• **TASK GOAL**: Every record, apart from its pictures, should be repeated exactly.

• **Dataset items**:

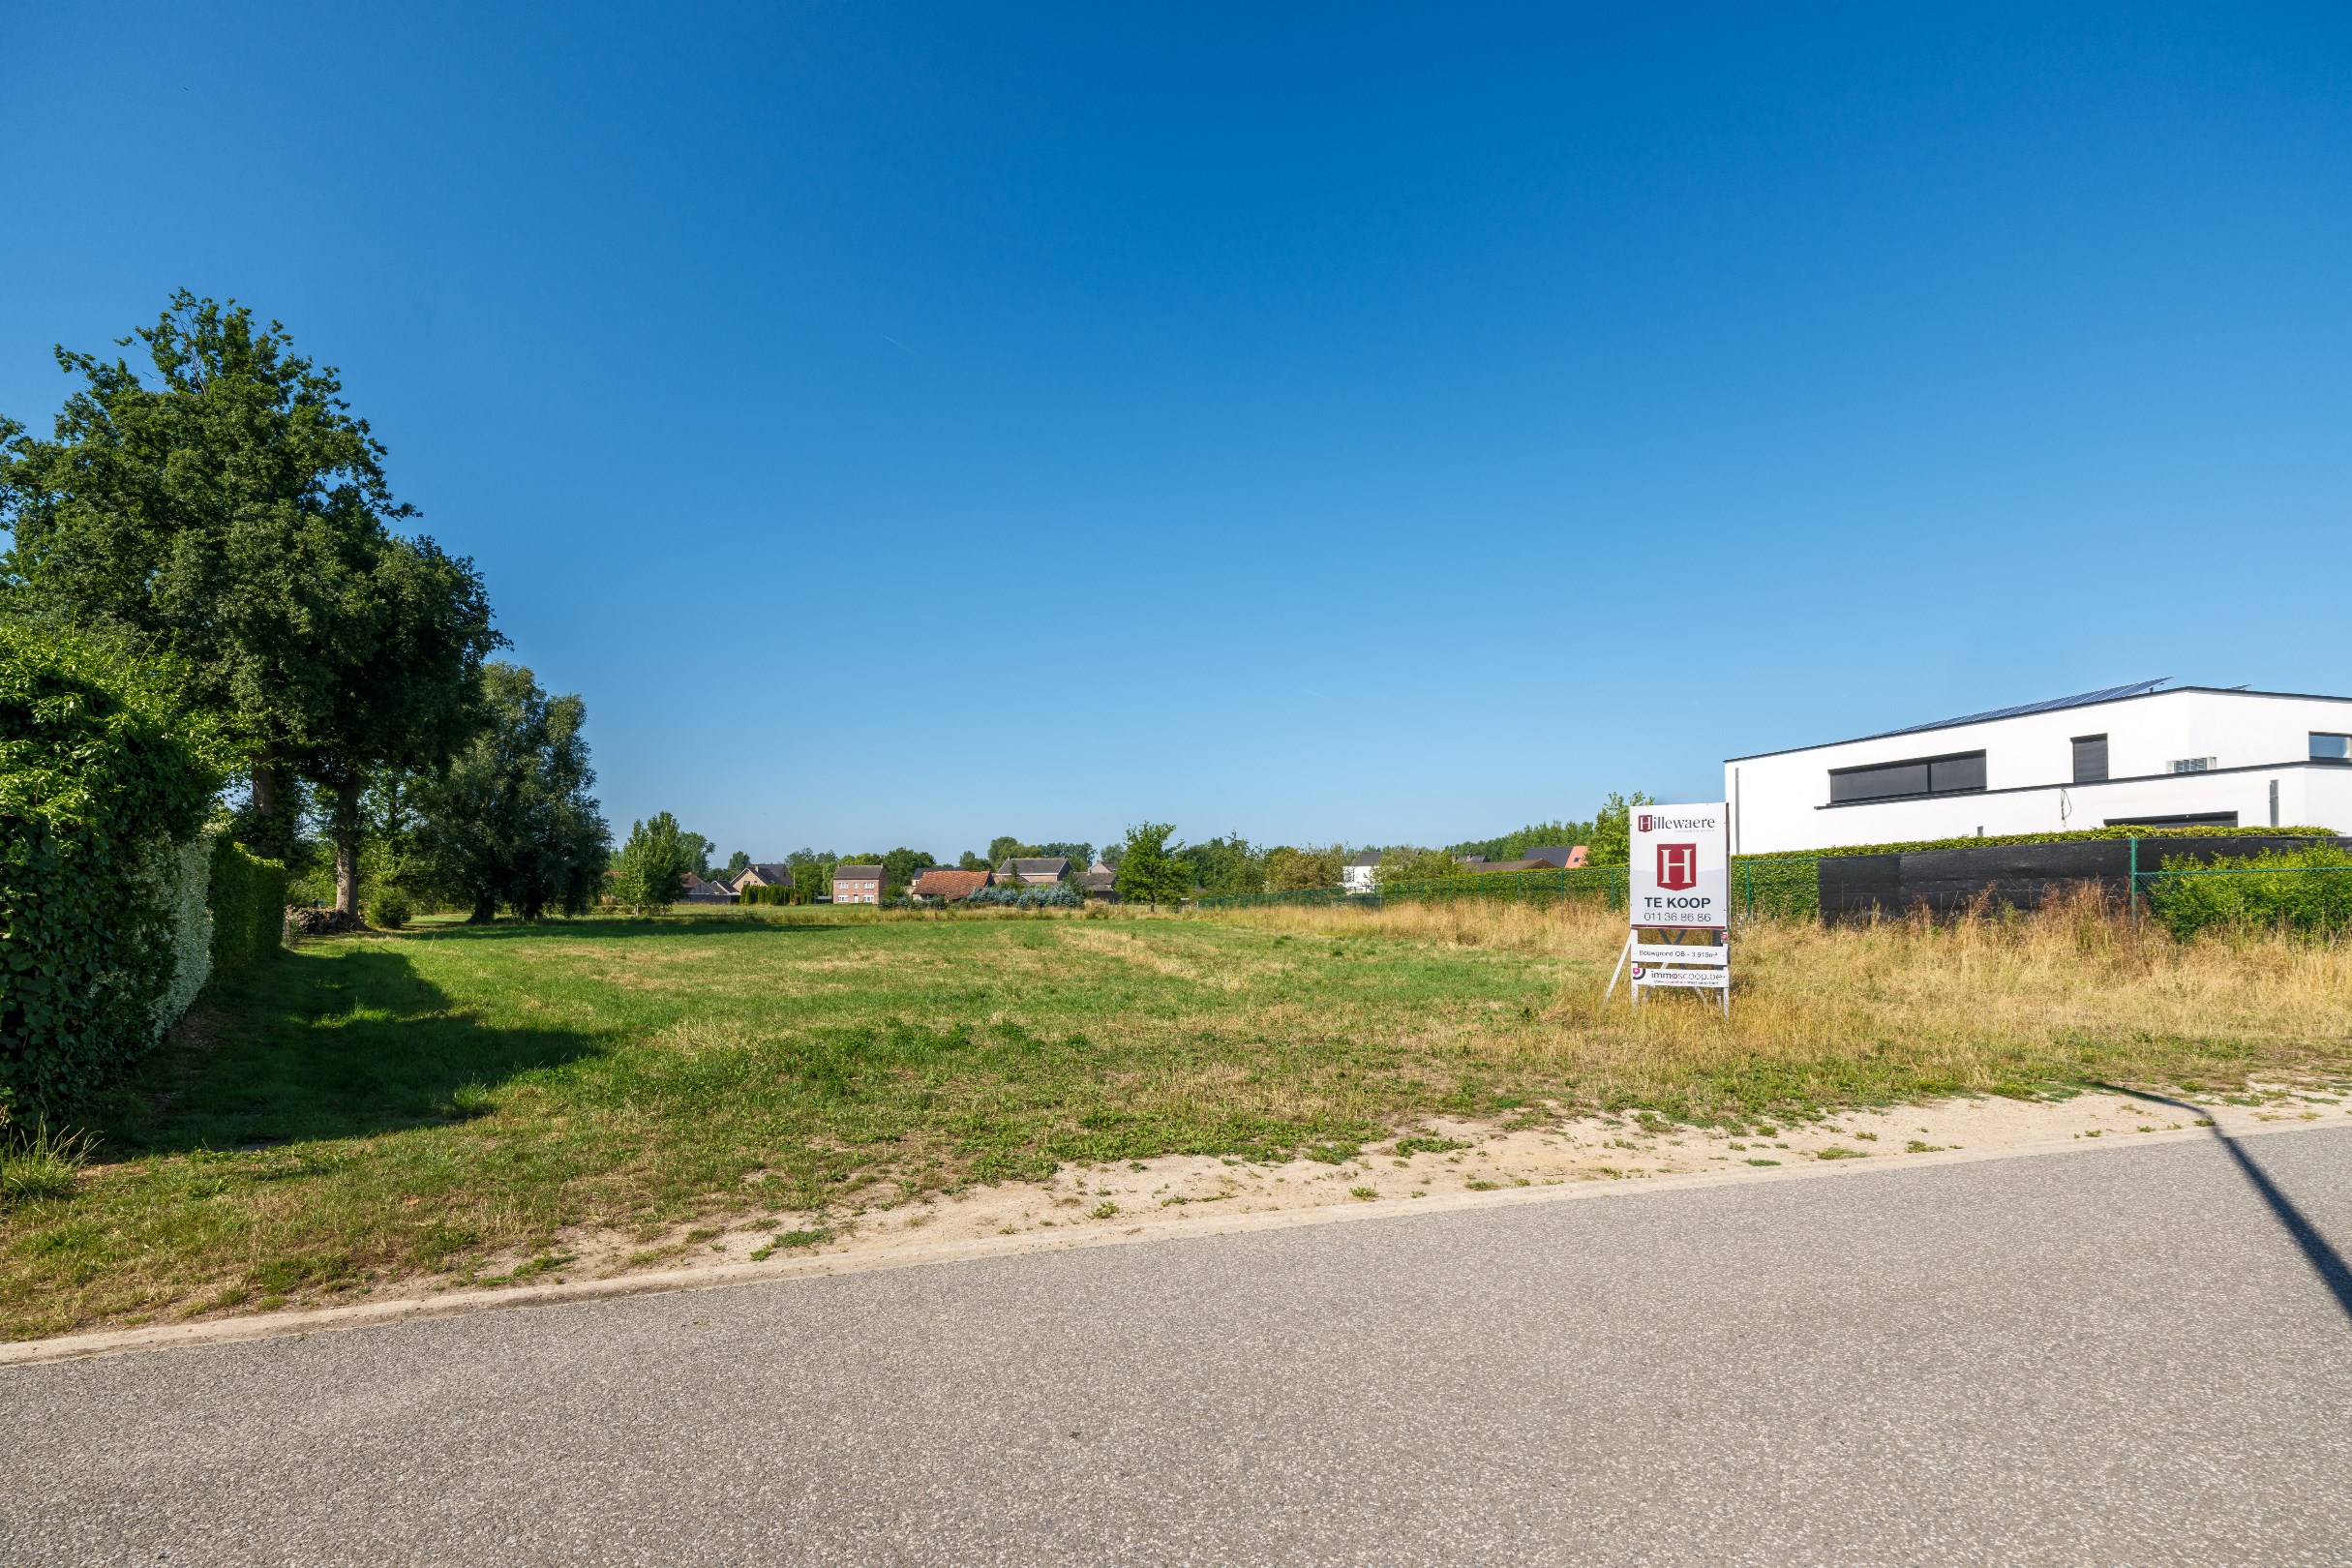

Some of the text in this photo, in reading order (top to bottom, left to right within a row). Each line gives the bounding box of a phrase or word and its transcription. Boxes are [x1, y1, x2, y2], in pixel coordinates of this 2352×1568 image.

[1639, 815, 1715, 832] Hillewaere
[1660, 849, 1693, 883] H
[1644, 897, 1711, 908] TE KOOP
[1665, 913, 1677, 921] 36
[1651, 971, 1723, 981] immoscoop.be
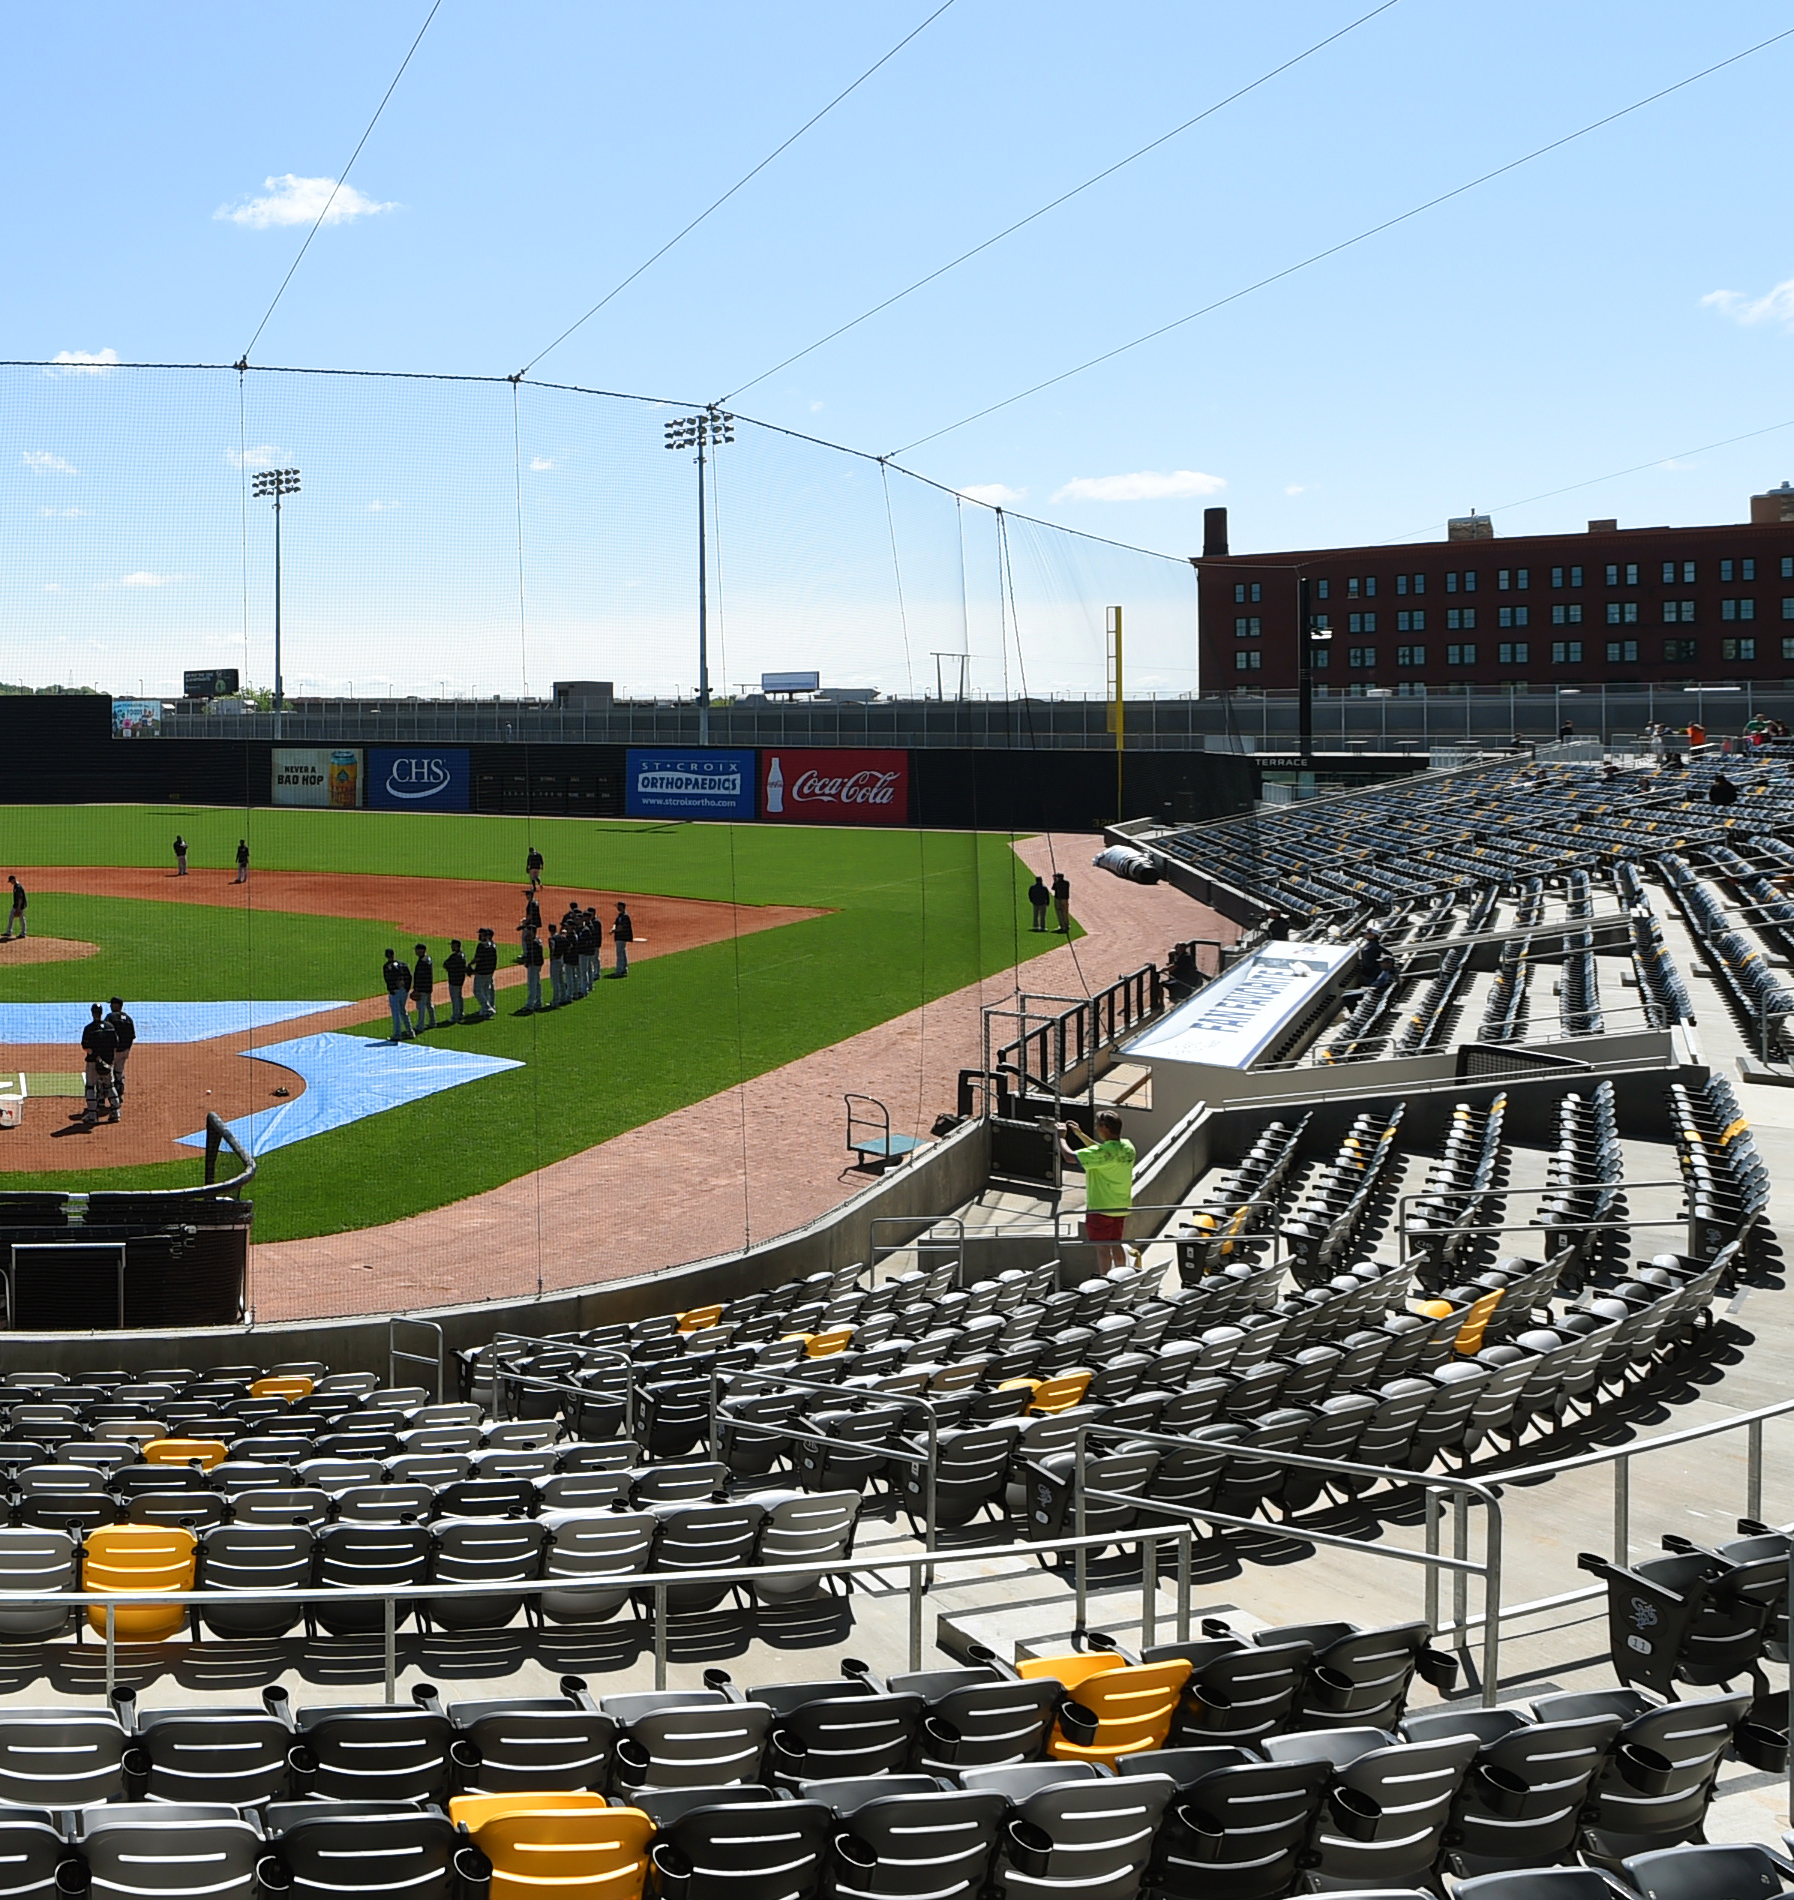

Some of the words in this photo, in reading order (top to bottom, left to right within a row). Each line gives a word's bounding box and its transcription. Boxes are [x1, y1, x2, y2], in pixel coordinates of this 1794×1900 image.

• **SOLUTION TO THIS EXERCISE**:
Some of the text in this photo, in reading order (top to bottom, left to right within a row). Each line gives the bounding box of a phrase or word and its transcription. Boxes are [x1, y1, x2, y2], in pixel coordinates of this 2352×1568 image.

[1639, 815, 1715, 832] Hillewaere
[1660, 849, 1693, 883] H
[1644, 897, 1711, 908] TE KOOP
[1665, 913, 1677, 921] 36
[1651, 971, 1723, 981] immoscoop.be

Some of the words in this photo, in reading order (top to bottom, left to right within a row). Each line gives a word's bounding box and its transcription. Boxes are [x1, y1, x2, y2], in pixel coordinates of this 1794×1900 image.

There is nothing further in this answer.